Saved data entries:
..........

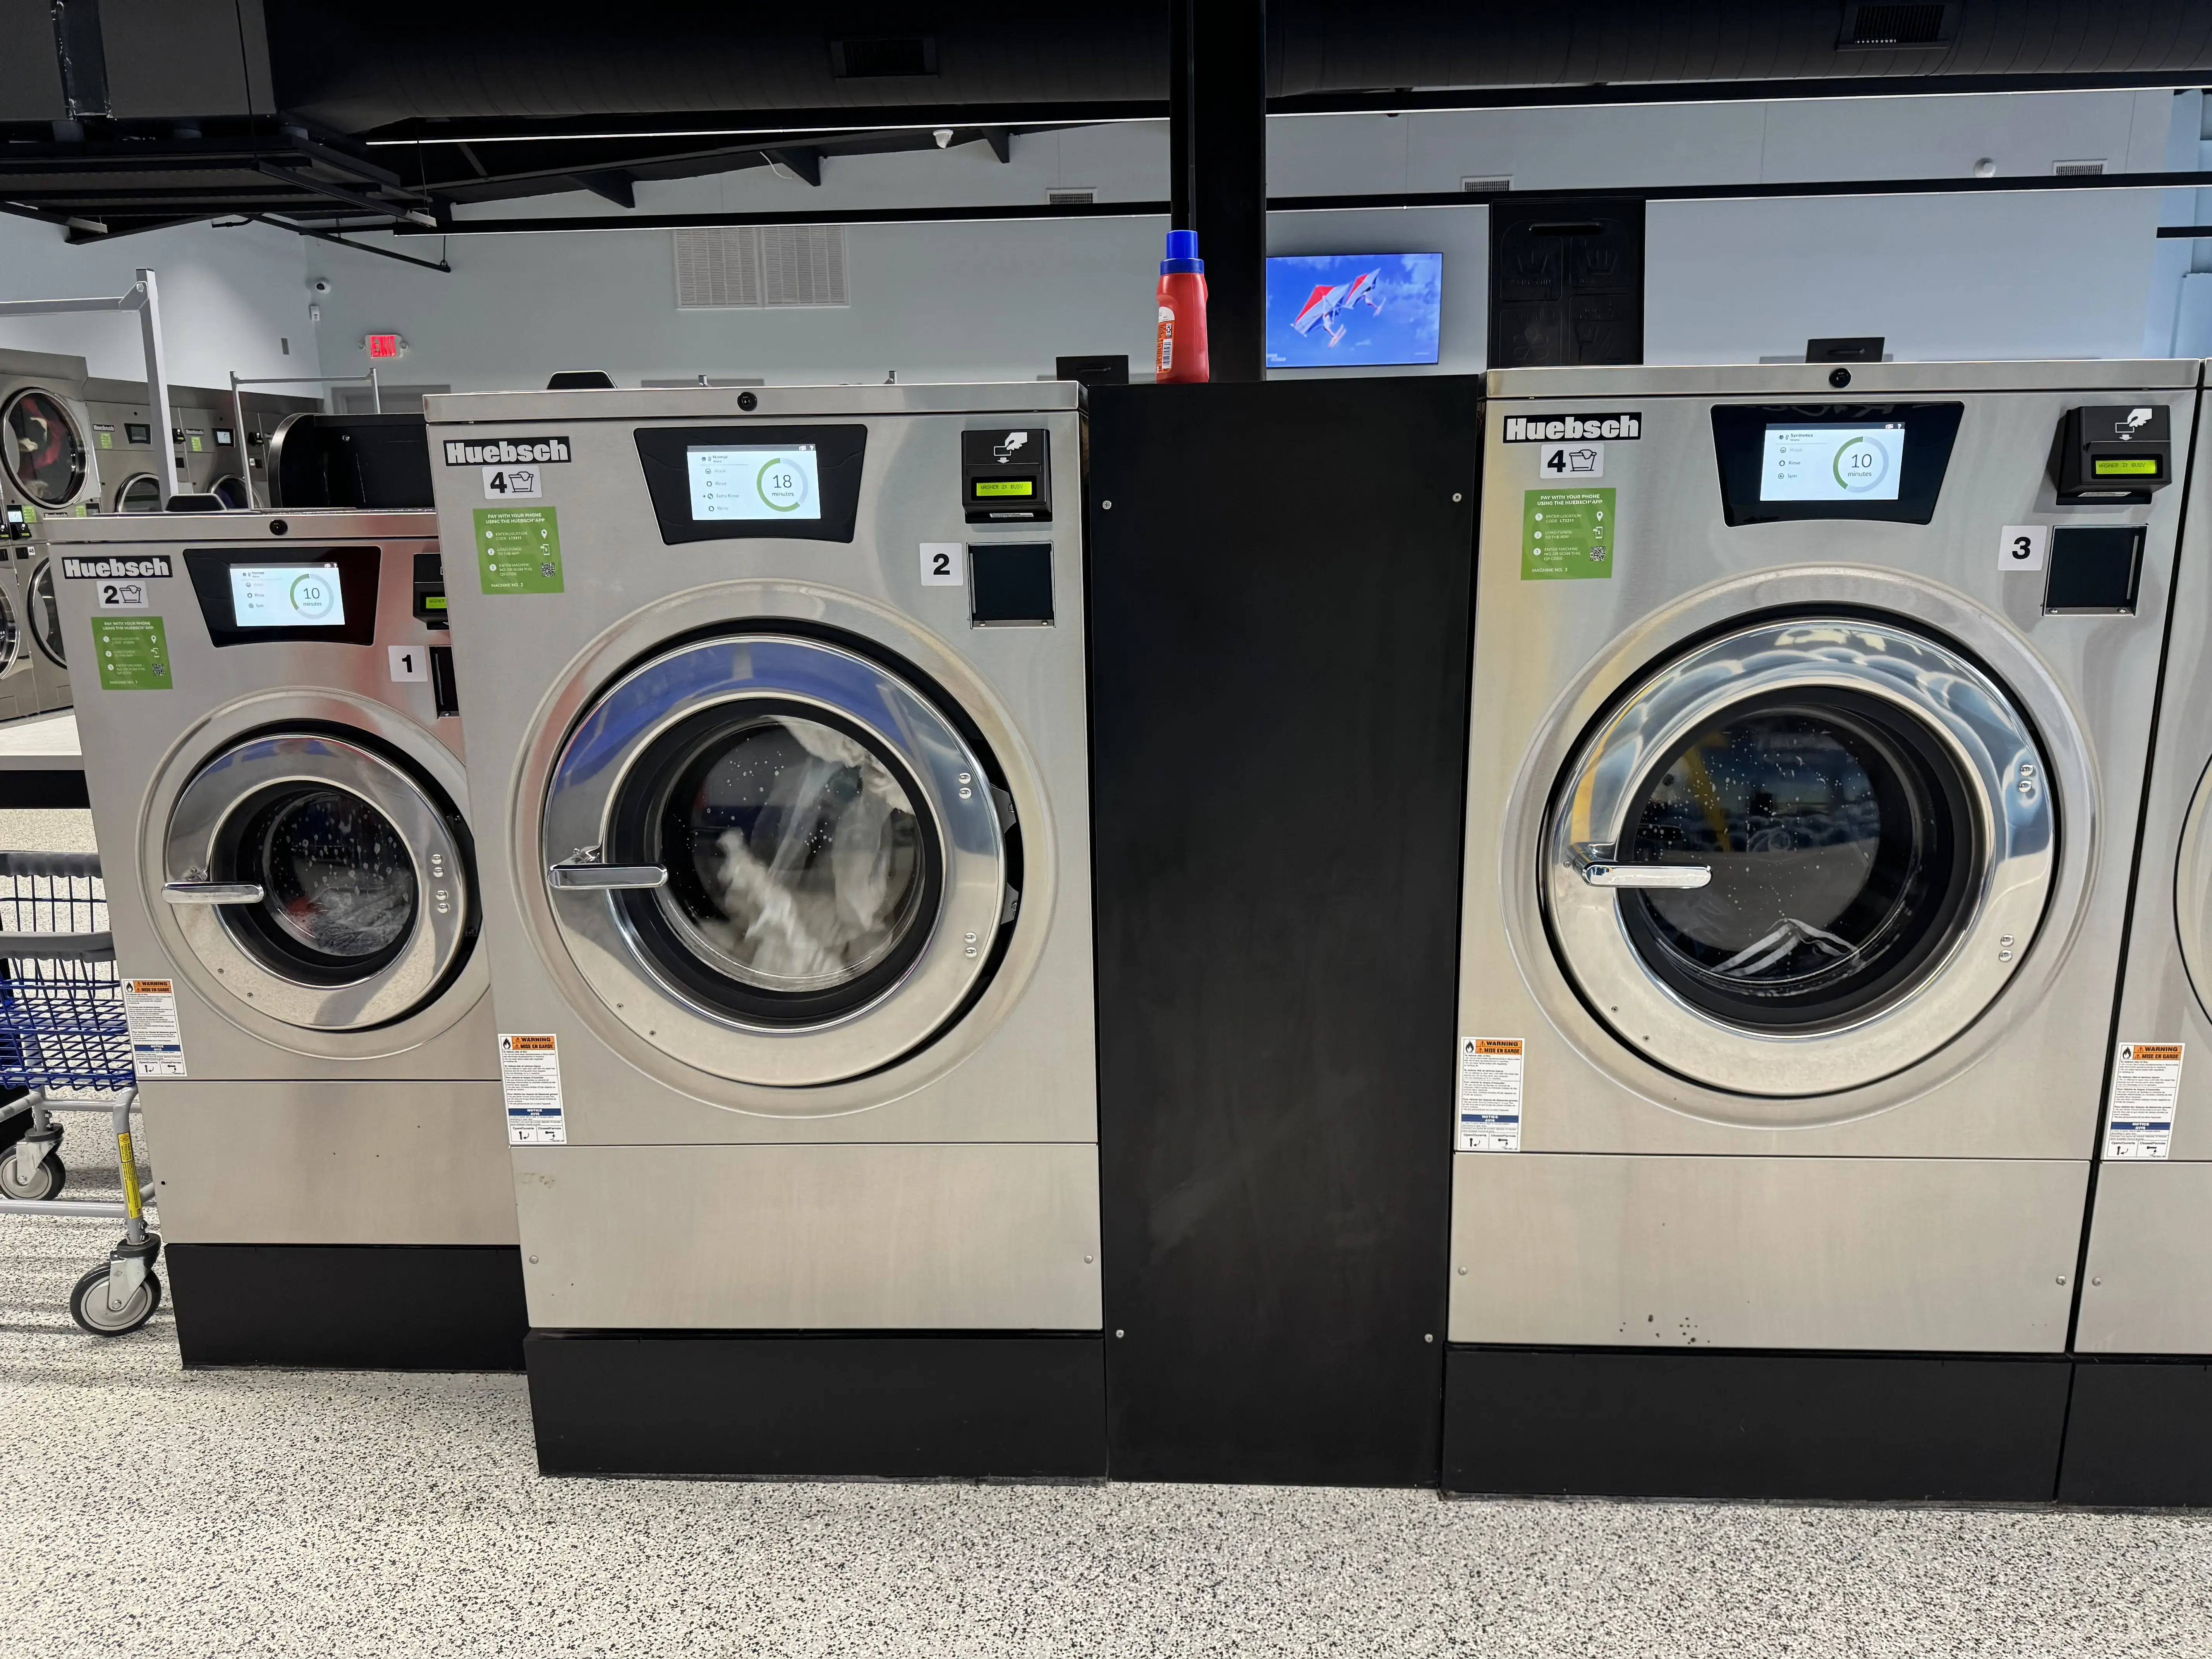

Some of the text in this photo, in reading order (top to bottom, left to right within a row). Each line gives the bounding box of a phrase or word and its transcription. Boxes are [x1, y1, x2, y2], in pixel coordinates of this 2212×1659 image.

[370, 335, 396, 357] EXIT
[1506, 415, 1638, 440] Huebsch
[446, 440, 568, 464] Huebsch
[1547, 450, 1566, 472] 4
[1851, 454, 1872, 468] 10
[490, 472, 507, 493] 4
[773, 475, 792, 488] 18
[2012, 536, 2031, 559] 3
[64, 558, 169, 577] Huebsch
[933, 553, 950, 575] 2
[103, 585, 119, 604] 2
[303, 588, 319, 599] 10
[402, 654, 412, 673] 1
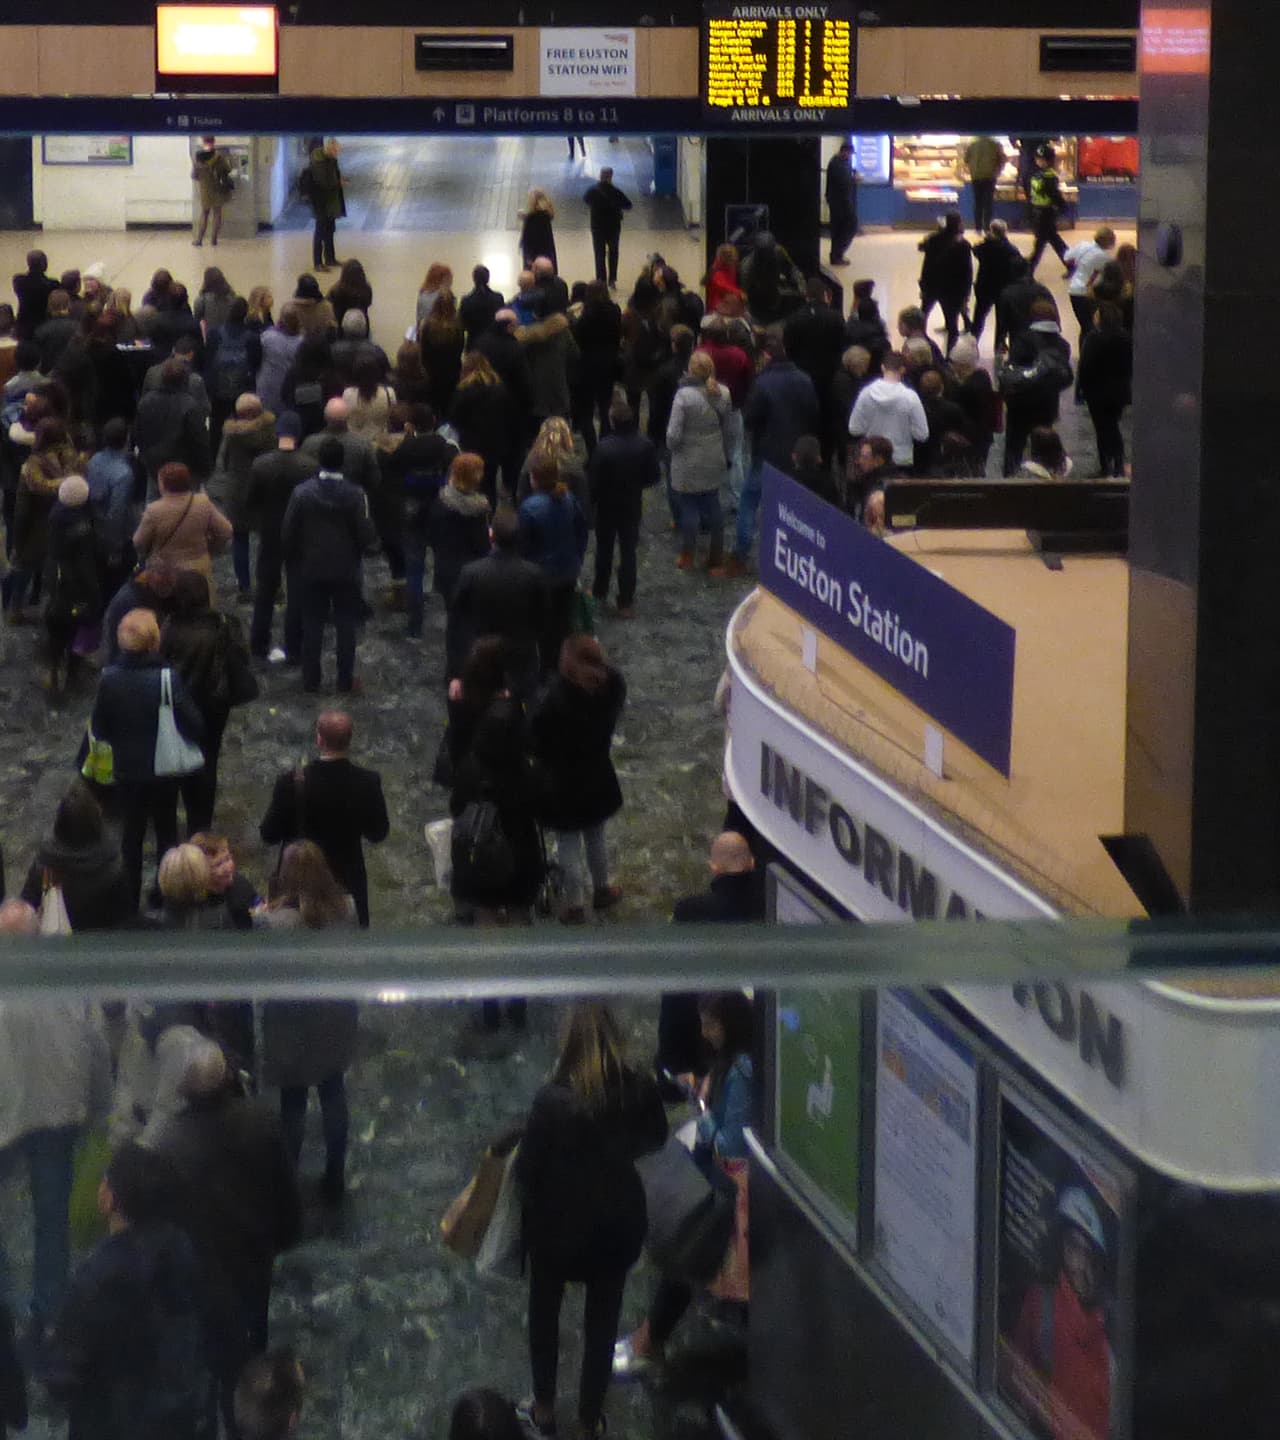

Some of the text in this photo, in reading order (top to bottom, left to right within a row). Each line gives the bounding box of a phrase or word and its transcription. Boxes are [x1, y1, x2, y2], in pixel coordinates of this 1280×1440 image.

..........

• Your objective: What is needed is a verbatim copy of every entry, with the pictures omitted.

• Task answer:
Some of the text in this photo, in reading order (top to bottom, left to right within a row). Each line gives the bounding box of a phrase or word and its transcription. Boxes are [x1, y1, x2, y2], in pixel coordinates of this 2212×1659 image.

[370, 335, 396, 357] EXIT
[1506, 415, 1638, 440] Huebsch
[446, 440, 568, 464] Huebsch
[1547, 450, 1566, 472] 4
[1851, 454, 1872, 468] 10
[490, 472, 507, 493] 4
[773, 475, 792, 488] 18
[2012, 536, 2031, 559] 3
[64, 558, 169, 577] Huebsch
[933, 553, 950, 575] 2
[103, 585, 119, 604] 2
[303, 588, 319, 599] 10
[402, 654, 412, 673] 1

Some of the text in this photo, in reading order (top to bottom, left to right within a row). Each line gives the bounding box of a phrase or word and its transcription. Boxes are [x1, y1, x2, y2], in pixel coordinates of this 1280×1440 image.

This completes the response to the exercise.